Last week, the hills were on fire with reds and golds and oranges. The cemetery filled with maples took my breath away. I gaped at the beautiful four-color maples (my favorite is that brief time when they're all colors- red, orange, yellow, and green-- swirled together as the tree just begins changing colors). I wanted to go hiking (which is pretty impossible with a baby), take forest photos, see the Elk down in Boxley Valley in the midst of all this color.

But this week, the scenery's already shifted to the coppery colors of late fall. The leaves are falling off the trees in earnest, and many of them have bare tops already. The temperature will be in the twenties tonight (lower than I've experienced in the last four years).

It's shocking how quickly autumn passes.

***

My dad turns 61 this week. Next January, he and mom will have been married 40 years. Life expectancy is-- what? 75 years or so?

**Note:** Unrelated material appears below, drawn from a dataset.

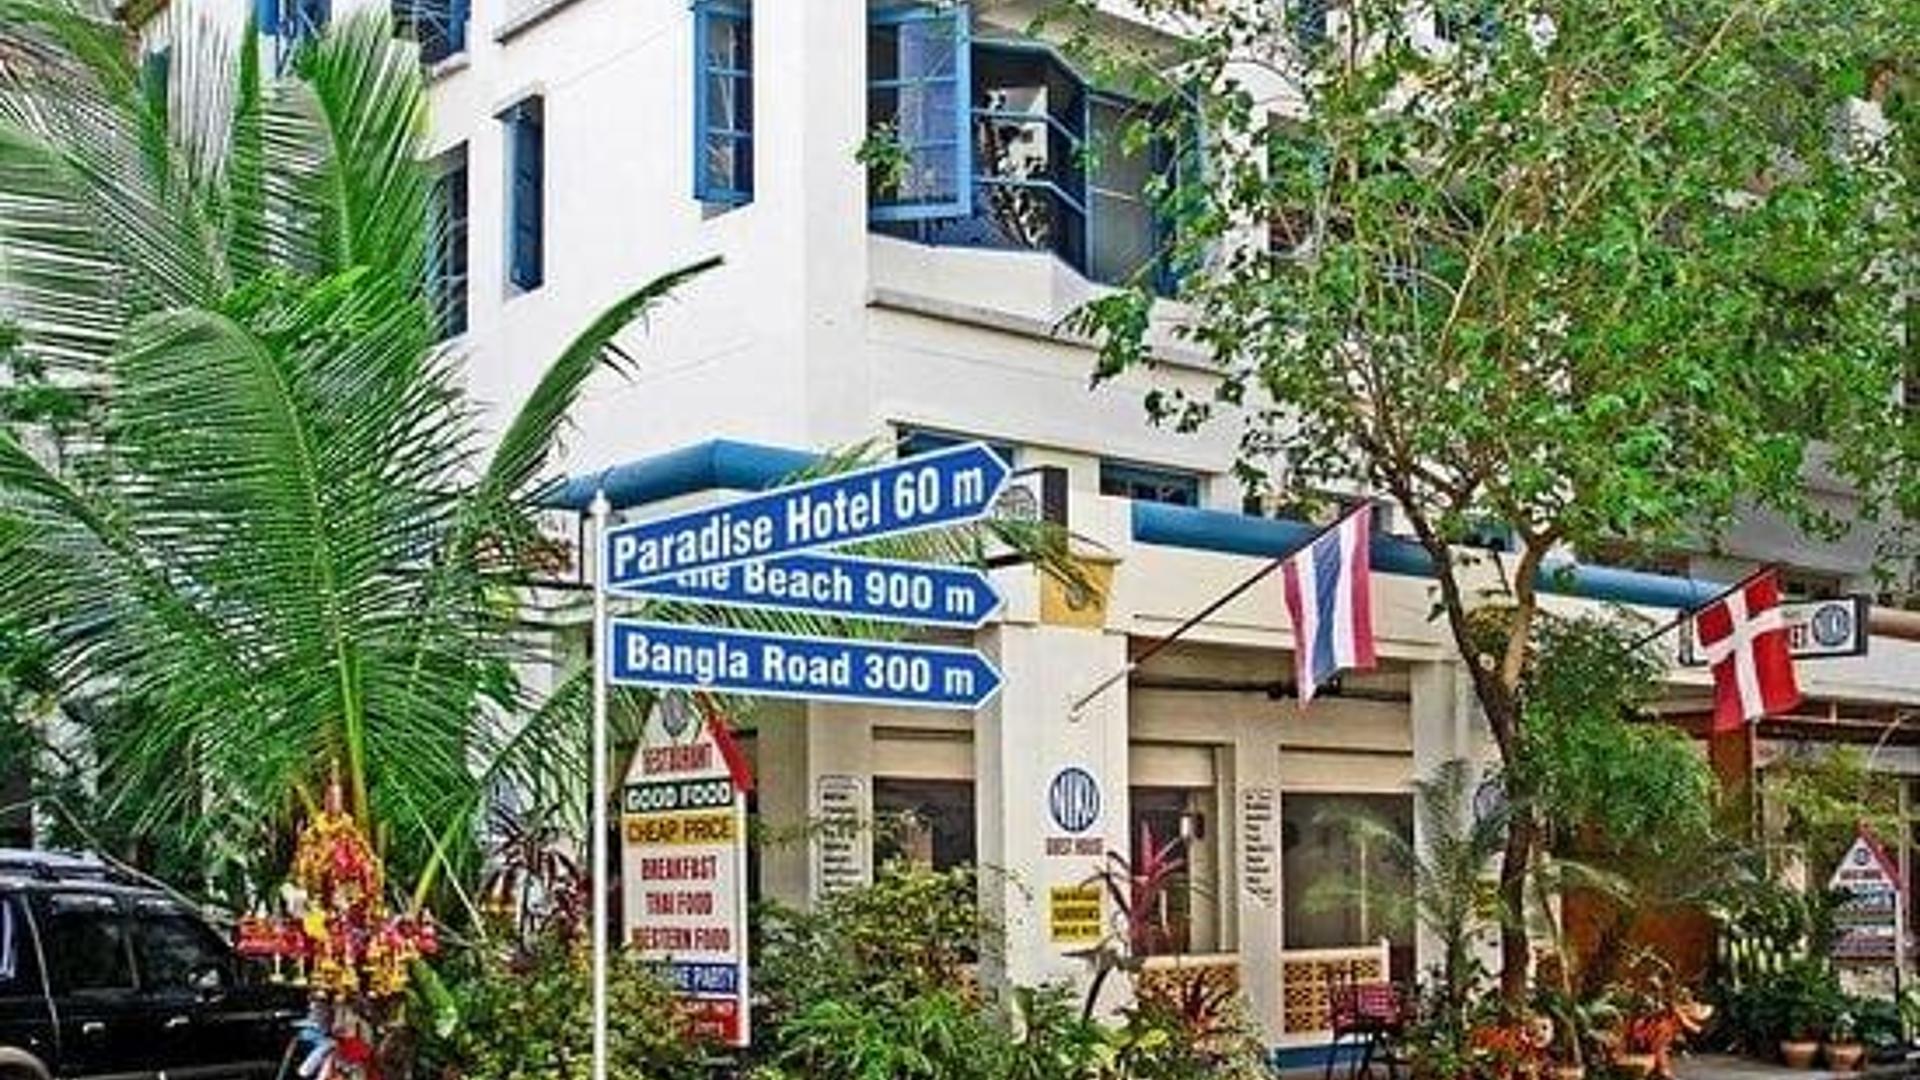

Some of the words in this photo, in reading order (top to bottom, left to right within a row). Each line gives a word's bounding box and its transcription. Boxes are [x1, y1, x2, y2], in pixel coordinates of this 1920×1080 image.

I have maybe 15 years left with my dad. Who knows-- maybe 5, maybe 30. A friend's dad had heart surgery this week, and it reminds me how fragile our parents' lives are, how possible it is to lose them even at this stage when they still seem healthy and relatively young.

It's shocking how quickly life passes.

***

Last week, we had our ninth anniversary. We knew each other for nine years before we married, so now I've known my husband for eighteen of my thirty two years. More than half my life.

In some ways, it feels like we have always been married. In others, I can't believe it's been this long already. If we live long enough to be married for 50 years (and many don't), we've already experienced 18% of our marriage.

My husband went to deathclock.com and determined his approximate age of death, which he has placed on his Google calendar as a reminder of his mortality. I stare at it when he leaves his Google homepage up on the computer.

How quickly it's going to pass.

Is it weird that all of these numbers and statistics freak me out?

It's not as if I don't have an expectation of life continuing beyond death. I do, and I believe it will make this corrupted, aching place look like misery by comparison. But already have this fear that I'll not use my time well somehow, that somehow I won't quite be ready when my or my family's time comes.

I want to relish the blazing of the leaves. I want to relish the last of my parents' time with us. I want to relish my marriage.

The brown-copper of the hills brings all this to mind today.